■ Supplied records ■
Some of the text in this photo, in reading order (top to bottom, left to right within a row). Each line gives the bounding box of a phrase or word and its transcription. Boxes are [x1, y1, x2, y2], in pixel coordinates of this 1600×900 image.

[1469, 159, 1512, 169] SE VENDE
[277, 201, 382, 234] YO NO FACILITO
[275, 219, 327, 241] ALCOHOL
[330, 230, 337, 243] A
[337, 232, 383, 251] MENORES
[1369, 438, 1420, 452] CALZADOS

■ Work instructions ■
Write out every line of the material again, exactly as it reads.

■ Result of this exercise ■
Some of the text in this photo, in reading order (top to bottom, left to right within a row). Each line gives the bounding box of a phrase or word and its transcription. Boxes are [x1, y1, x2, y2], in pixel coordinates of this 1600×900 image.

[1469, 159, 1512, 169] SE VENDE
[277, 201, 382, 234] YO NO FACILITO
[275, 219, 327, 241] ALCOHOL
[330, 230, 337, 243] A
[337, 232, 383, 251] MENORES
[1369, 438, 1420, 452] CALZADOS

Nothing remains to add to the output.